Firenze, attentato al vescovo Mons. Giuseppe Betori. Roma, pestato il sindaco di Firenze Matteo Renzi.



Duplice attacco a Firenze: attentato al suo vescovo, per fortuna illeso grazie all'eroico gesto del suo segretario - per fortuna salvo pure lui anche se in prognosi riservata - ed all'inceppamento della pistola dell'attentatore. Le motivazioni del gesto sono al momento oscure anche se pare trattarsi dell'atto di uno squilibrato. A Roma, invece, in P.za San Giovanni, a Matteo Renzi, sindaco acclamato "coram populi" di Firenze, leader dei "Rottamatori" è negato l'accesso al palco e la parola. Il sindaco rimane lo stesso, dimostrazione di dialogo. Lo si contesta verbalmente, lo si aggredisce.

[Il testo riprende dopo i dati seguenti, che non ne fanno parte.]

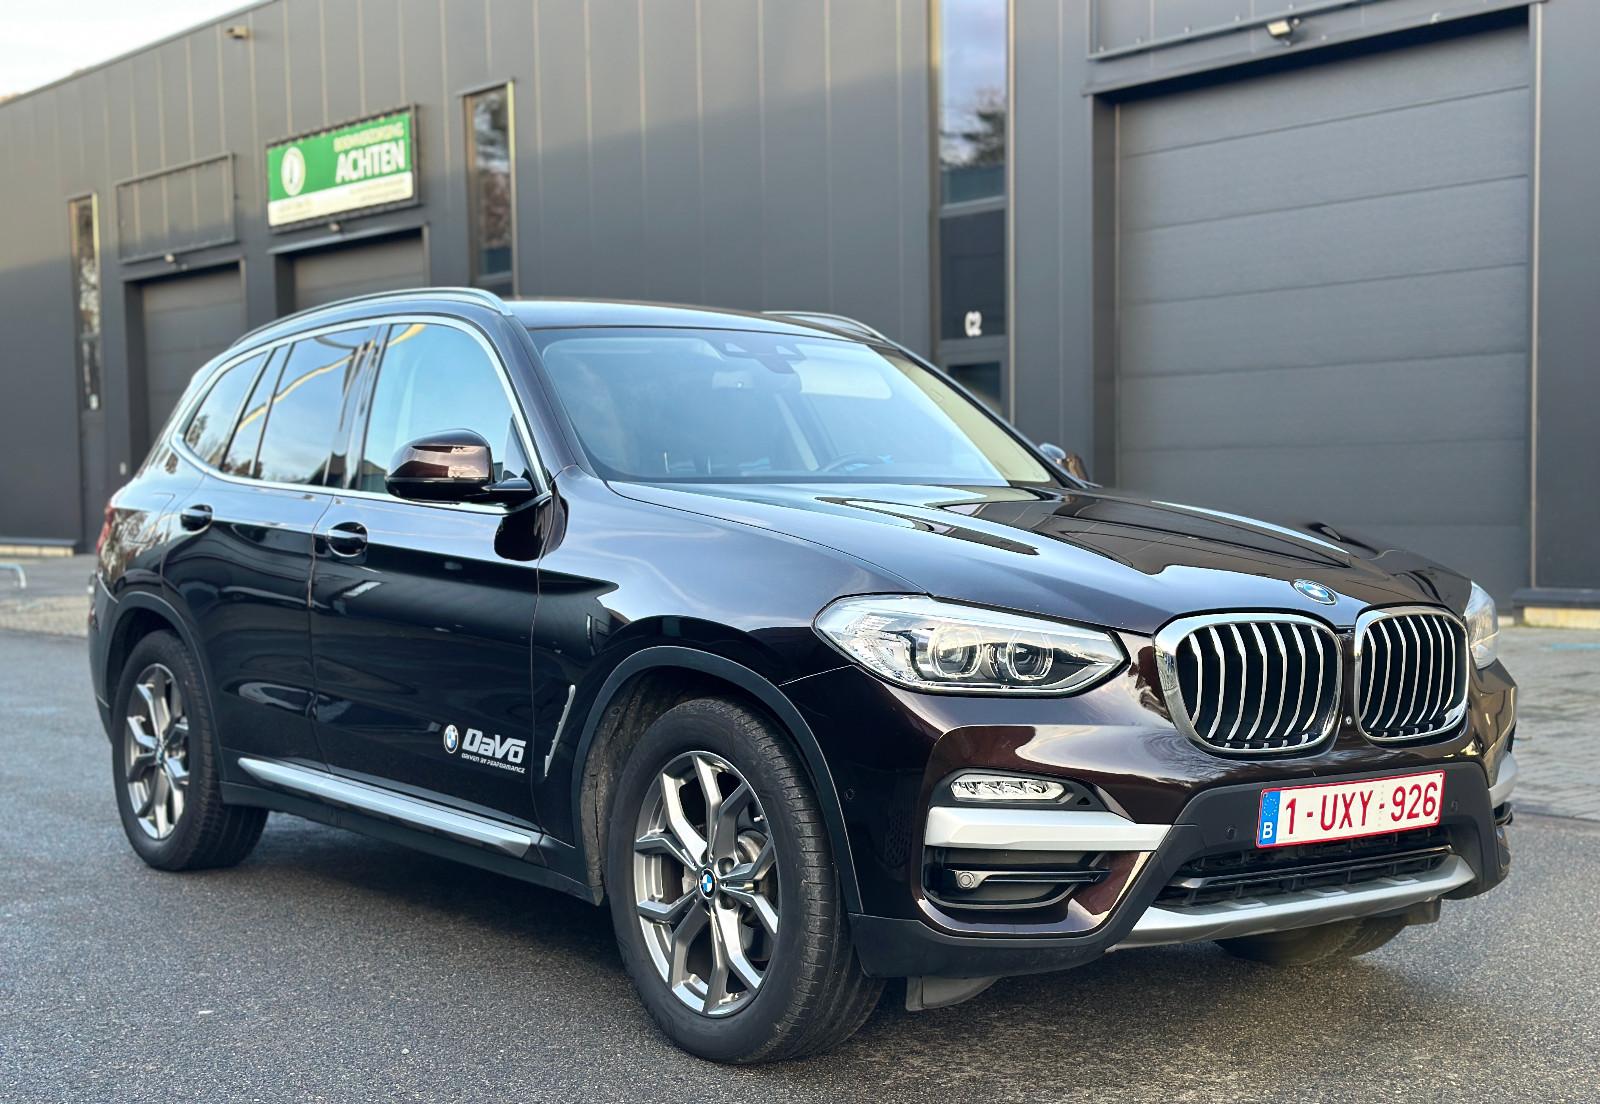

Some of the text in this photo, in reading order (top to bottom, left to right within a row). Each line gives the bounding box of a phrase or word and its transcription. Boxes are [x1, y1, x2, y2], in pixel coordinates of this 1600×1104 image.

[335, 139, 405, 184] ACHTEN
[1262, 821, 1273, 839] B
[1285, 781, 1438, 835] 1-UXY-926
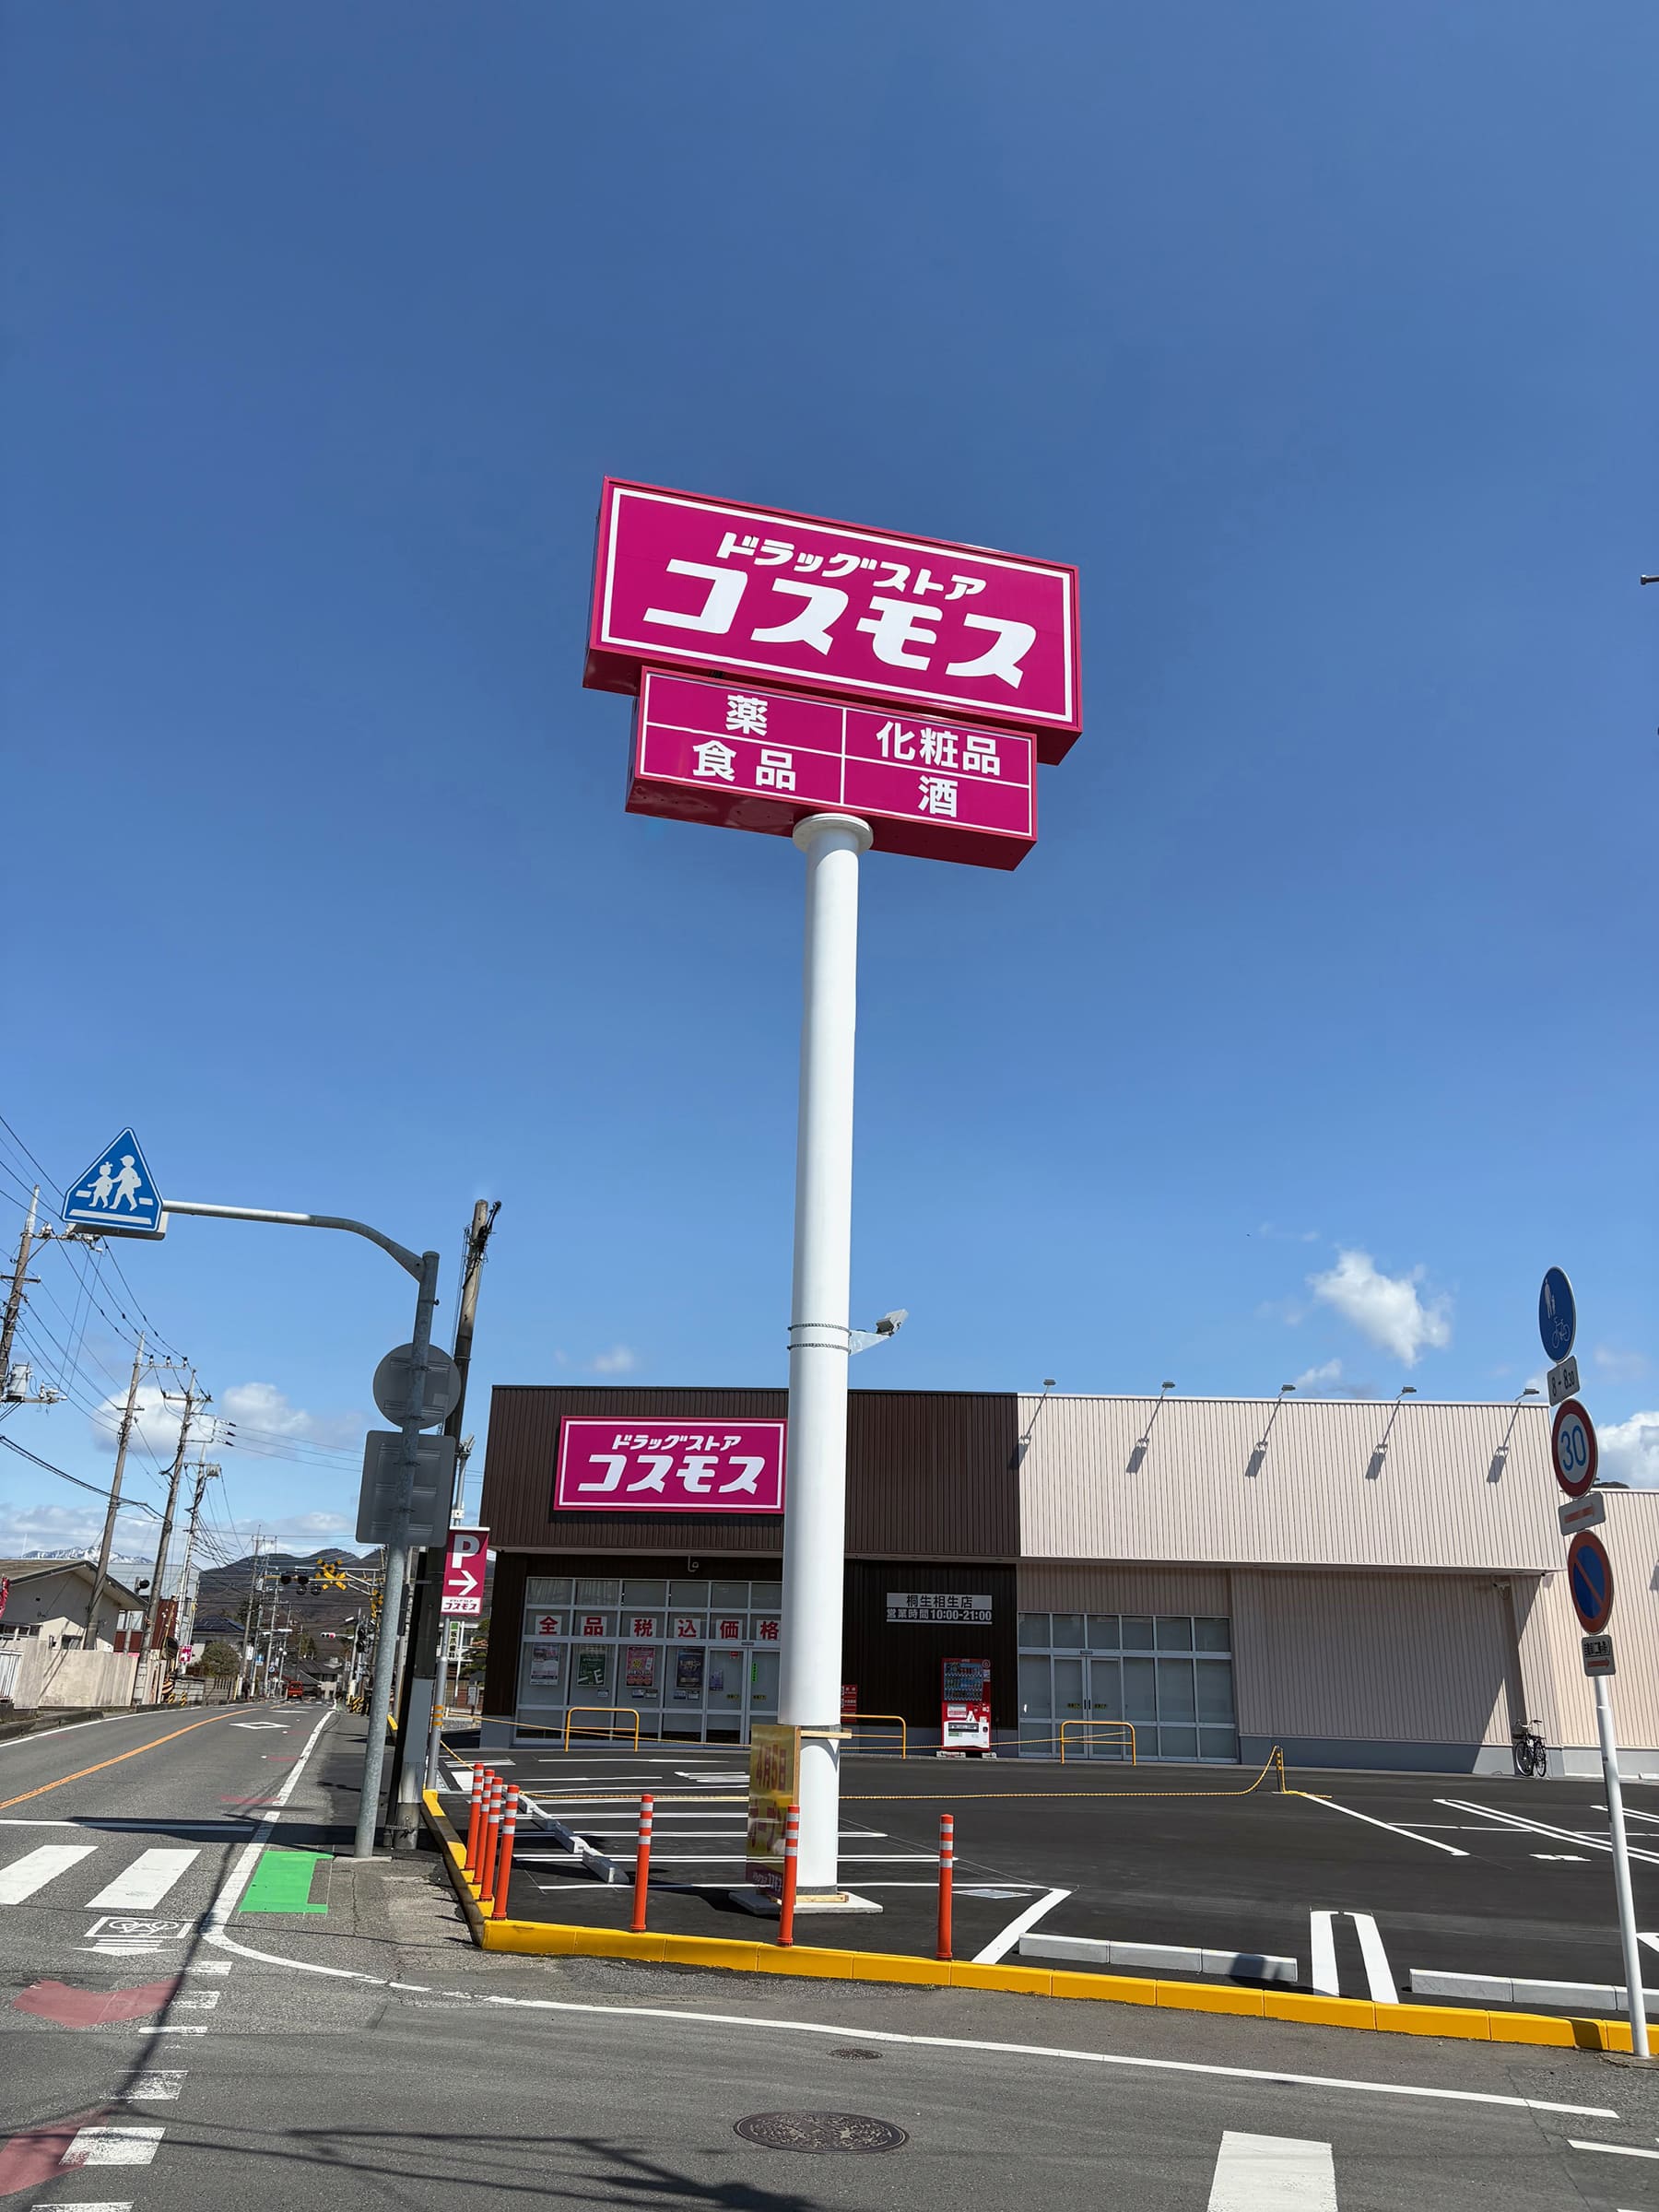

Si difende: "sono italiano anch'io, ho anch'io diritto, come tutti gl'altri, a stare qui". Lo si pesta. C'è l'attacco fisico, gravissimo, alla persona. C'è l'attacco alla democrazia. C'è il ritorno alla sinistra peggiore, quella di Ceaucescu. C'è di più: la dimostrazione, ad es., che le raccolte di firme per i referendum per la democratizzazione della legge elettorale hanno avuto il loro successo grazie ai prodiani i quali l'hanno fatto coscienti che la stessa sinistra - che tanto li sbandiera in funzione antiberlusconiana - non vuole affatto una democratizzazione del sistema elettorale e di quello politico in genere.  E questo con buona pace delle "primarie", frutto peraltro dell' "Ulivo" e delle sue radici anche cristiano cattoliche, dello stesso Romano Prodi, de "La civiltà dell'amore" del gesuita Padre Bartolomeo Sorge. La negazione della parola a Matteo Renzi dimostra l'incapacità della leadership PD ad un confronto sereno e trasparente aperto al pubblico e sulla pubblica piazza. Il successivo pestaggio in piazza, dimostra invece la stessa incapacità da parte della piazza, ossia della base. Un doppio limite: dall'alto e dal basso. Un limite pericoloso perché la strada cui esso porta se diviene scelta radicale di una direzione radicale, è quella già nota - e anch'essa fallita - di realtà politiche in cui di "democratico" c'è solo l'etichetta di un regime. Chiudo con la più sentita solidarietà e simpatia per Matteo Renzi: vai avanti perché la strada vera è la tua. In bocca al lupo e crepi il lupo.
francesco latteri scholten.

mercoledì 2 novembre 2011

La Terza Via: dopo il fallimento delle ideologie e del capitalismo.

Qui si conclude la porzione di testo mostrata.